Update: In an interview with the Texas Tribune’s Kate Galbraith, Trip Doggett, ERCOT’s CEO, had this to say about the profit-taking yesterday.
TT: Changing the subject a little bit, wholesale power prices were incredibly high on Wed — I think 100 or more times what they were in the real-time pricing than the day before. Is there any possibility of market manipulation, which if it were to happen might logically occur at a time when one could blame another factor like the weather?
Doggett: I actually would defer that question to the independent market monitor. I know he’s been looking at the potential of that and could certainly share some comments with you.
TT: Do you have any sense of how much money this will cost buyers of wholesale power? Are we talking tens of millions or hundreds of millions of dollars?
Doggett: One thing I did not highlight during the call yesterday that I will highlight for you today is that a significant amount of that impact will really be on the backs of the power plants that were unable to supply power during that timeframe, as opposed to necessarily being on the backs of the load. Because the power plants will have a financial penalty for not being available to generate that power during those times.

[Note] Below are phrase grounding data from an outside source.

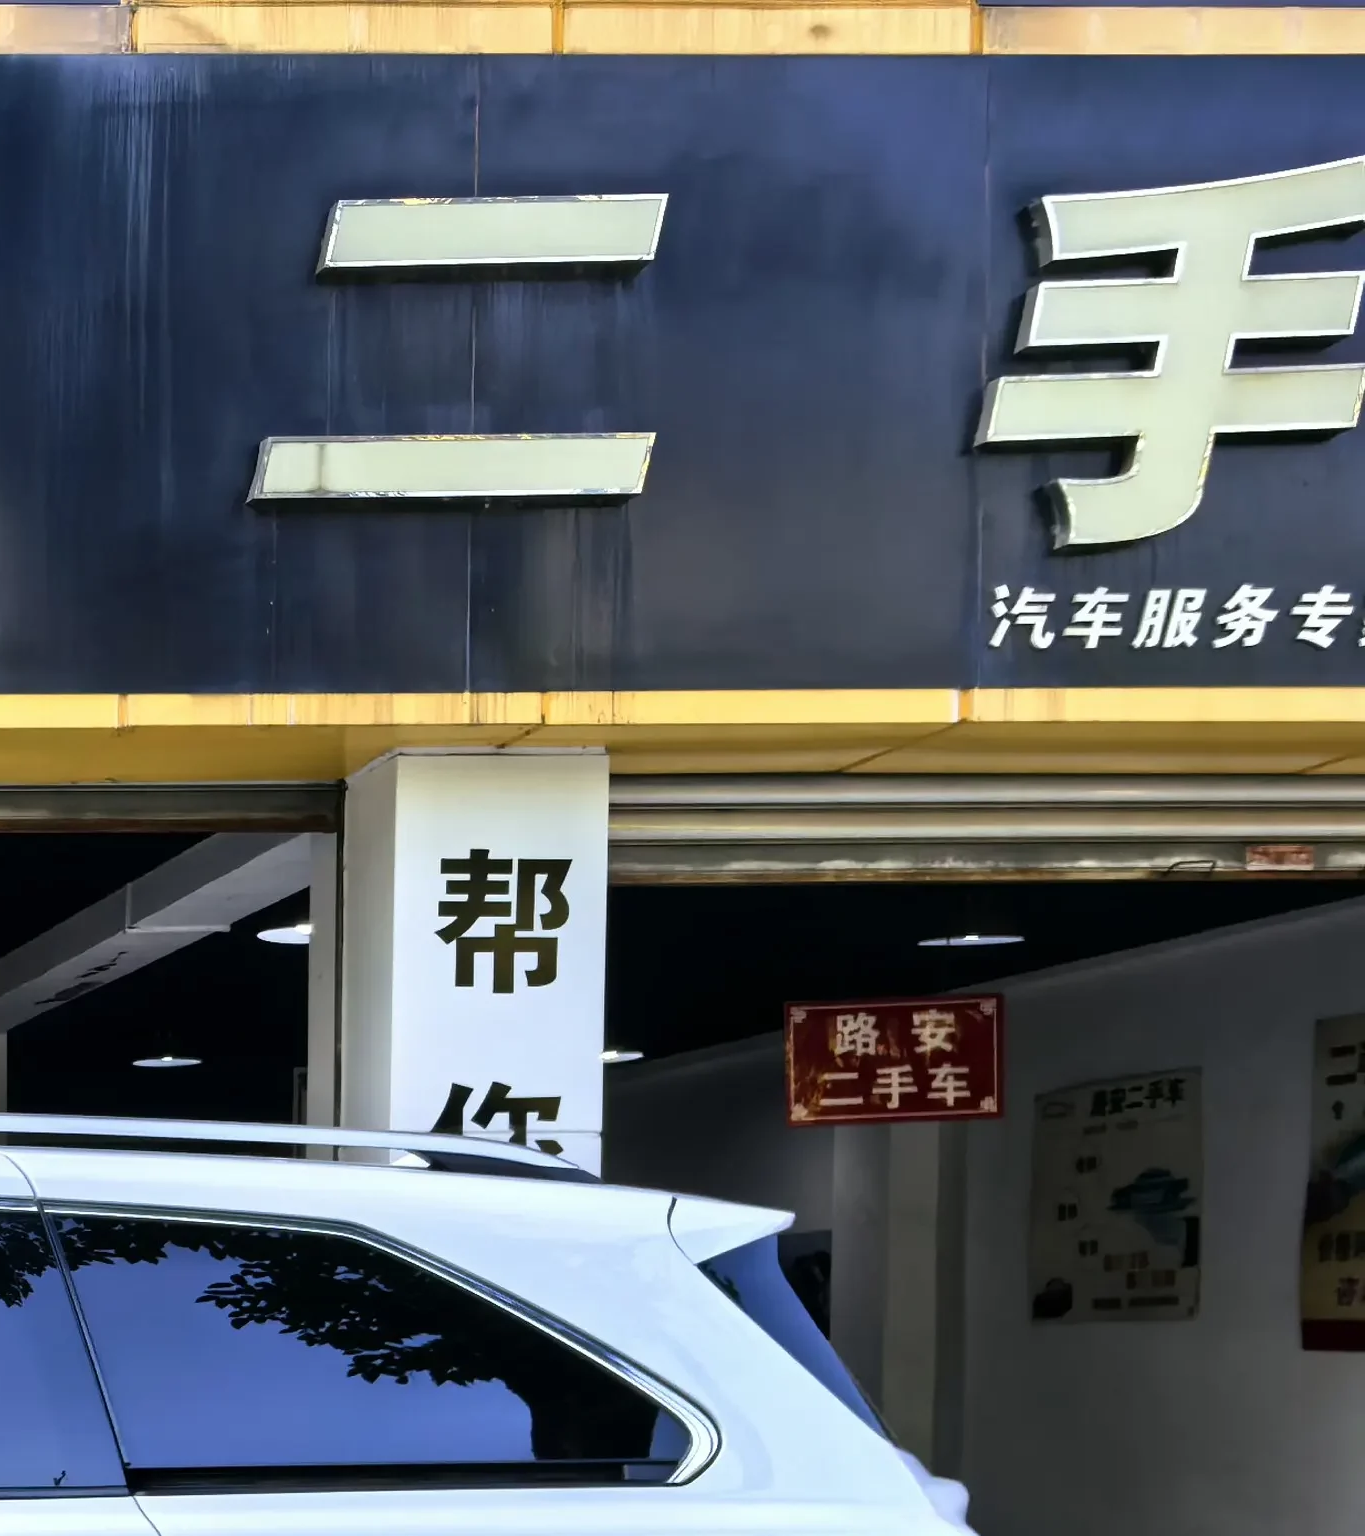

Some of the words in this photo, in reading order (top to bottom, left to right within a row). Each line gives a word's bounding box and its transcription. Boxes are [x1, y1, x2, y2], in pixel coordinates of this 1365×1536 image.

[987, 583, 1365, 650] 汽车服务专
[833, 1008, 956, 1057] 路安
[819, 1062, 971, 1110] 二手车
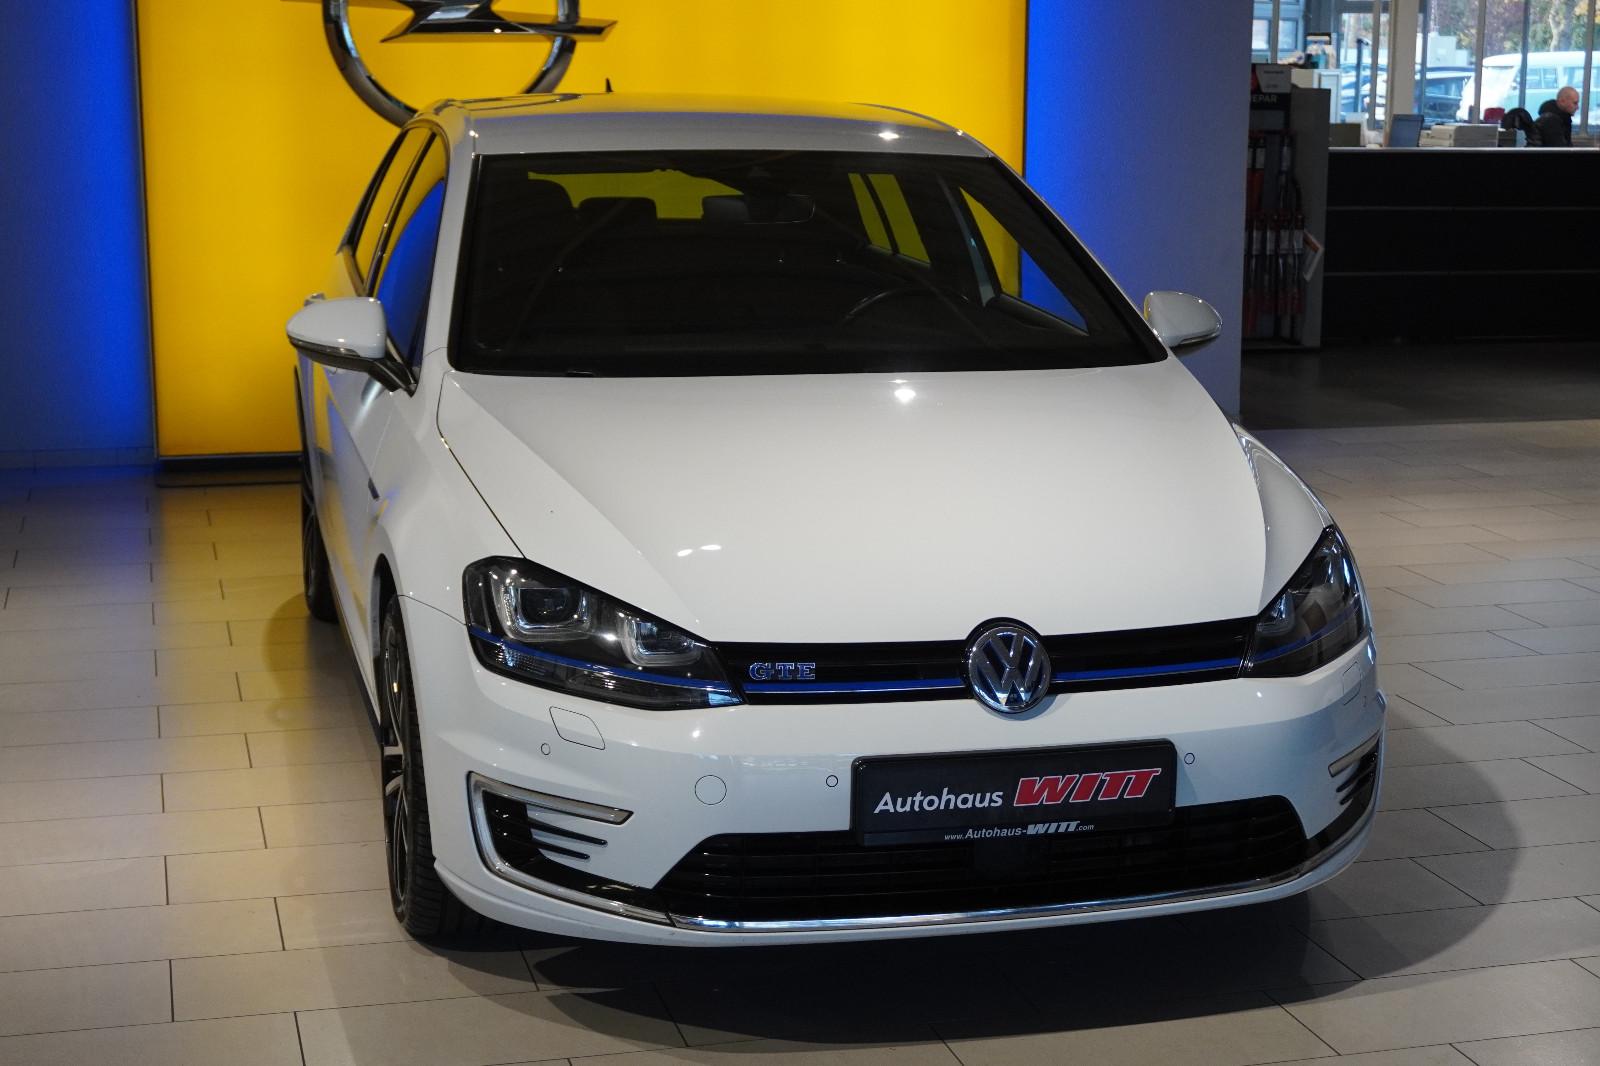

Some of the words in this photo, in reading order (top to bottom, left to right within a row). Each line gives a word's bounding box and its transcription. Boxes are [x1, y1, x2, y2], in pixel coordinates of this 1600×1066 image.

[749, 662, 816, 680] GTE
[873, 787, 1004, 814] Autohaus
[1013, 767, 1162, 808] WITT
[944, 820, 1095, 841] www.Autohaus-WITT.com

TT: But obviously, somebody bought the power at very high prices. And is that eventually likely to be passed on to consumers? And if so how much more could Texans expect on their bills?
Doggett: It’s really [not] possible for me to estimate that, because I’d have to have insight into their hedging that would have occurred in the day-ahead market as an example, or through bilateral contracts. So it would be difficult for me to speculate on that number.